なんでそんなことになるのかは後述するが…
その後、盗賊たちはユーリが撃退、逃げて行った…そうだ。
おかげでメルリも無事。
後で聞いた話、ではあるのだが。
◆
オレは盗賊たちの刃を一身に浴び、その結果【設定】を盗まれ、しばし気を失っていたそうな。いわば【設定】の強盗に遭ったわけだ。やる前にやられるとは…
そして奪われた【設定】というのが…
「まずはメルリさんの着衣と髪型、ですね」
着衣、すなわちメイド服を盗まれたわけだが、メルリは指一本触れられていない。
というのも、髪型も全て「オレの中」から引っこ抜かれた。
メイド服も脱がされたわけでなく、【設定】を引っこ抜かれた瞬間、それは消えた。だが予備の、とでも言えばいいのか、元々メルリの設定には第2案があり、ビクトリアンが消えた瞬間、ミニスカに変わり、銀髪ポニーも桃色ボブに変わった。

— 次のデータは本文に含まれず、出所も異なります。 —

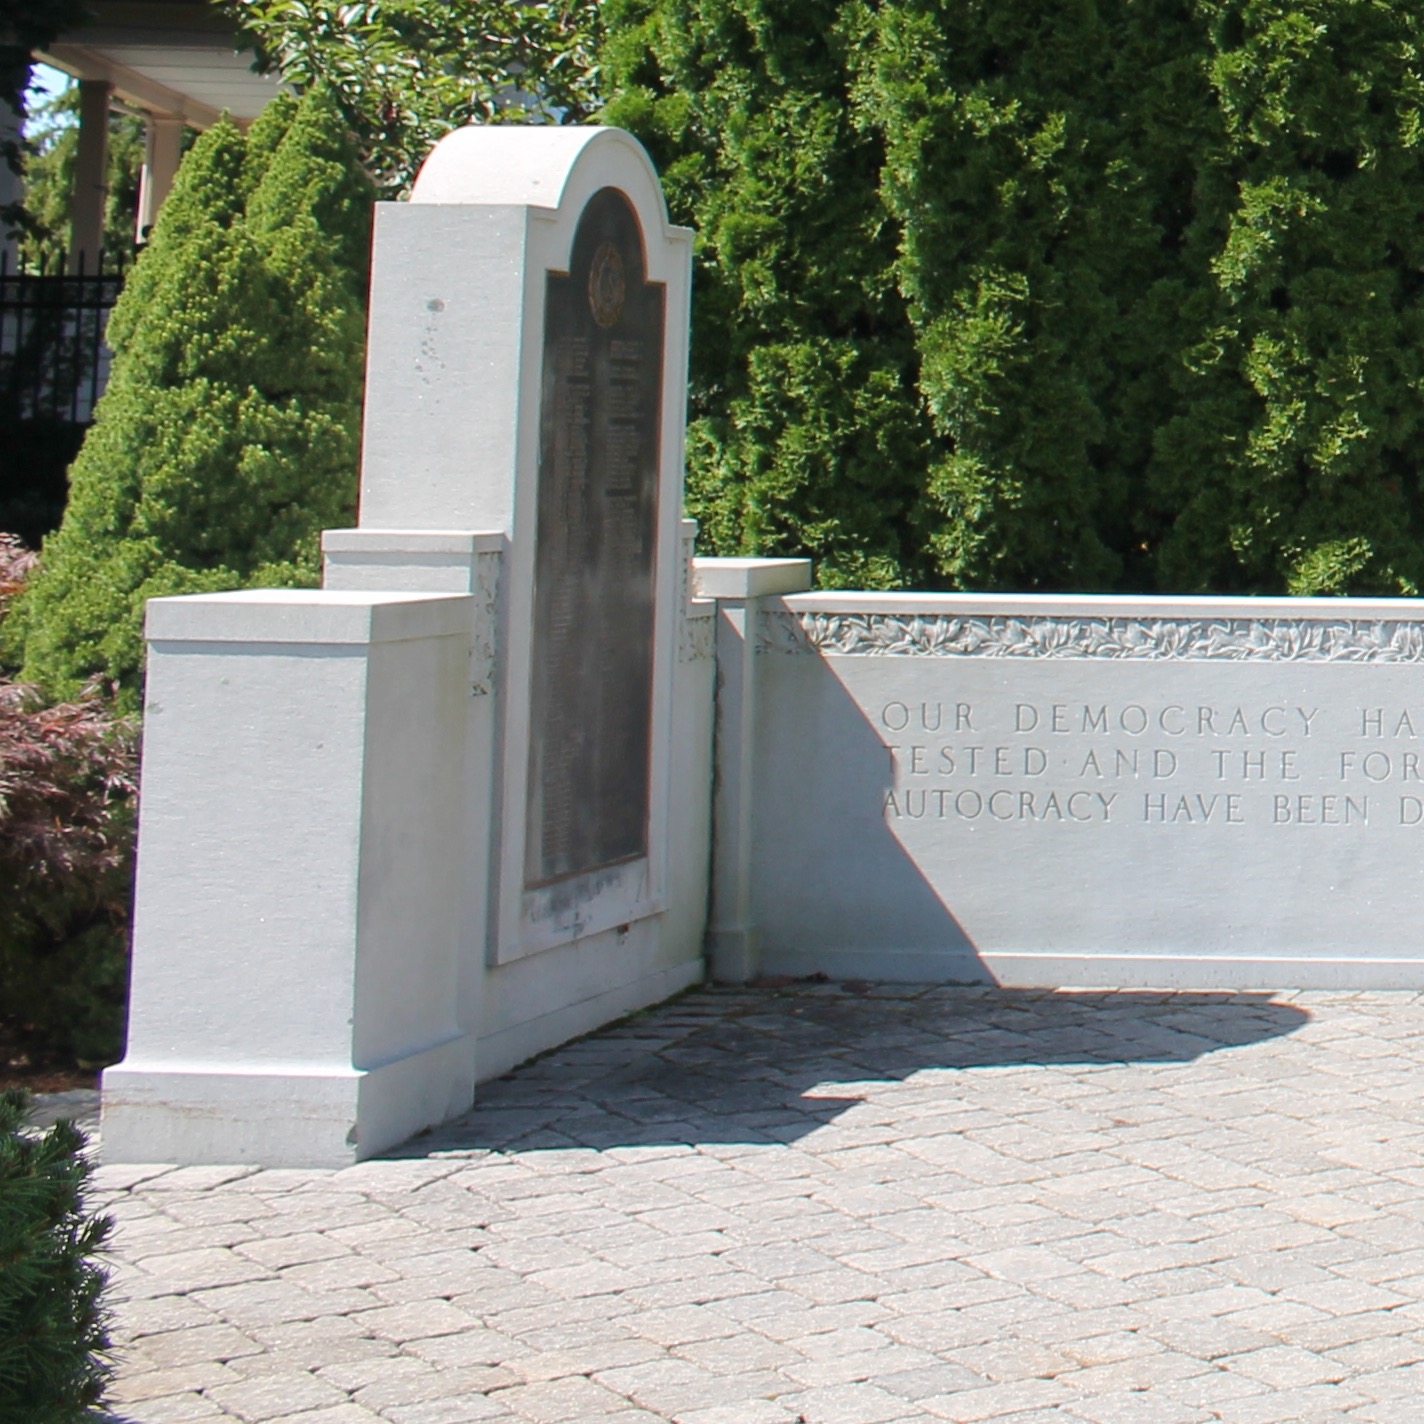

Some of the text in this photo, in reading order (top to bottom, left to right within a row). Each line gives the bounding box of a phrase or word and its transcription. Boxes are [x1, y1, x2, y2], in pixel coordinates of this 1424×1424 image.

[882, 701, 978, 732] OUR
[1015, 704, 1319, 737] DEMOCRACY
[882, 746, 1048, 777] TESTED
[1080, 748, 1178, 779] AND
[1212, 749, 1300, 782] THE
[882, 789, 1118, 822] AUTOCRACY
[1143, 792, 1244, 824] HAVE
[1273, 794, 1369, 826] BEEN
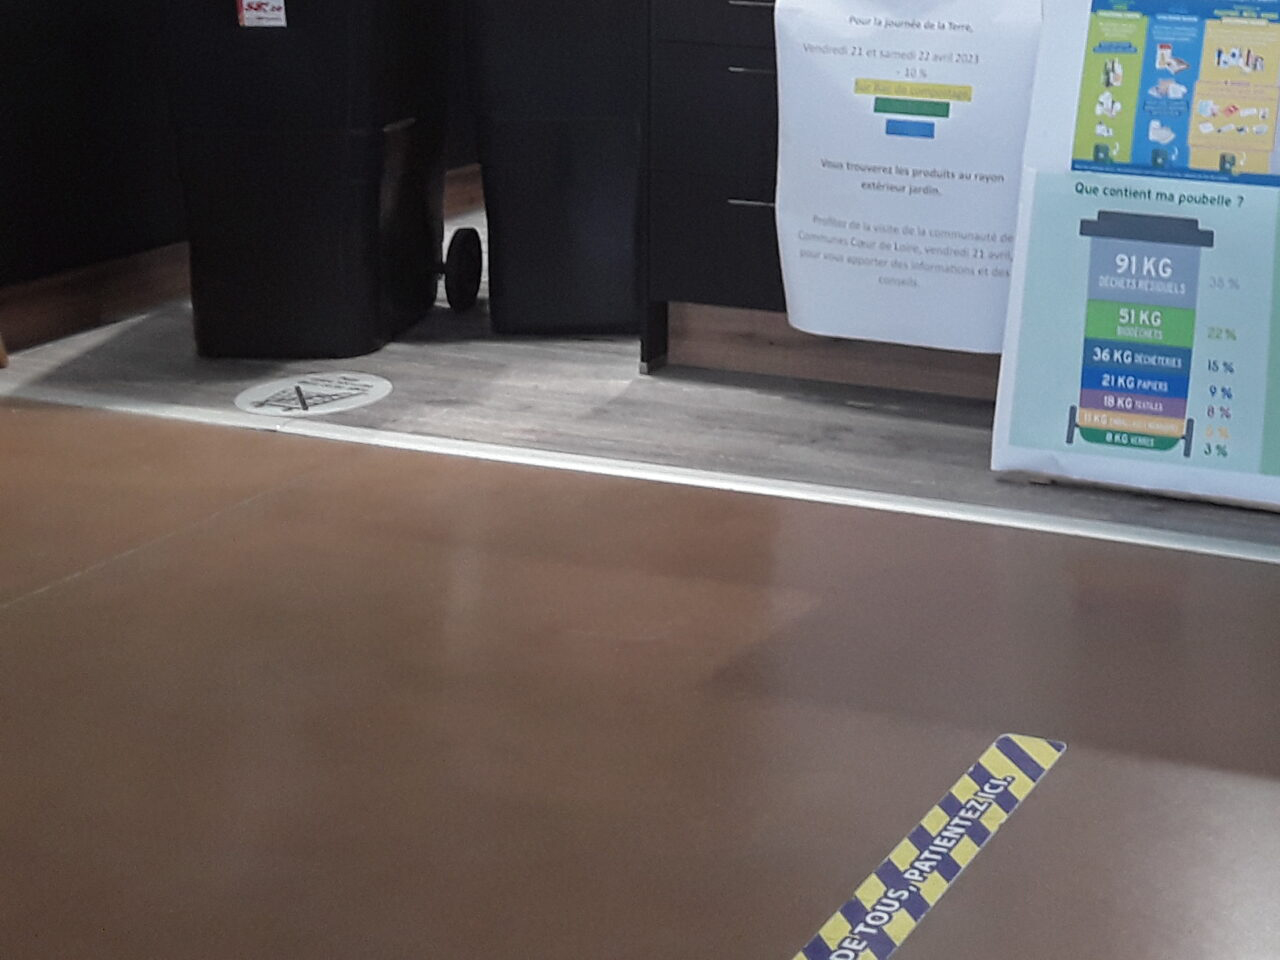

1フレームたりとも下着とかハゲ頭が見えたりしないので期待しないように。BD版だとどうか知らんけどな!
「メルリの設定は迷ってたんだ…どっちもいいなぁって思ってて…」
「そっちはともかくなんとかなってるので良しとして」
「ああ…」
こともあろうか、オレの名前を持ってかれてしまった。だから今、誰もオレの名を呼ぶことができない。オレもオレをオレとしか呼べないのだ。唯一メルリだけが「ご主人様」とオレ個体を認識できる呼び方ができている。
「名前、無いとやっぱ不便だよな?」
「それはそうです。まぁ名前の項目が白紙になってるだけなので、決まりさえすれば今すぐにでも名前が付きますが」
「ふーむ…」
だが何も考えたくなかった。めんどくさいというのが一番だが、自分のネーミングセンスを考えるとうっかりトンチキな名前になってしまう。今この瞬間もトンチキネームが付かないよう、必死に頭を空っぽにしてるんだ。
「…ご主人様」
神妙な面持ちで、メルリが口を開く。
「なんだ?」
「お名前、メルリがお付けしてもよろしいでしょうか?」
なんと!
「助かる。むしろ即採用の方向で!」
「では…【カナート=オヌマー】」
…なんだ? この感じ…
空いた穴が塞がっていくような…足りないものが満たされるような…
▽名前【カナート=オヌマー】が登録されました
よっしゃ。
「オレは…カナート=オヌマー…」
「へぇ…メルリさん側からでもできるんですね。では僕の方でも再登録で…はいオッケー。よろしくお願いします、カナート。今度は名前、奪われないようにしないと」
「当たり前だ! メルリから貰った名前だぞ? コイツは死んでも渡さねェ!」
「ご主人様…!」
メルリが嬉しそうだ。
やっぱりメルリはカワイイ。うん。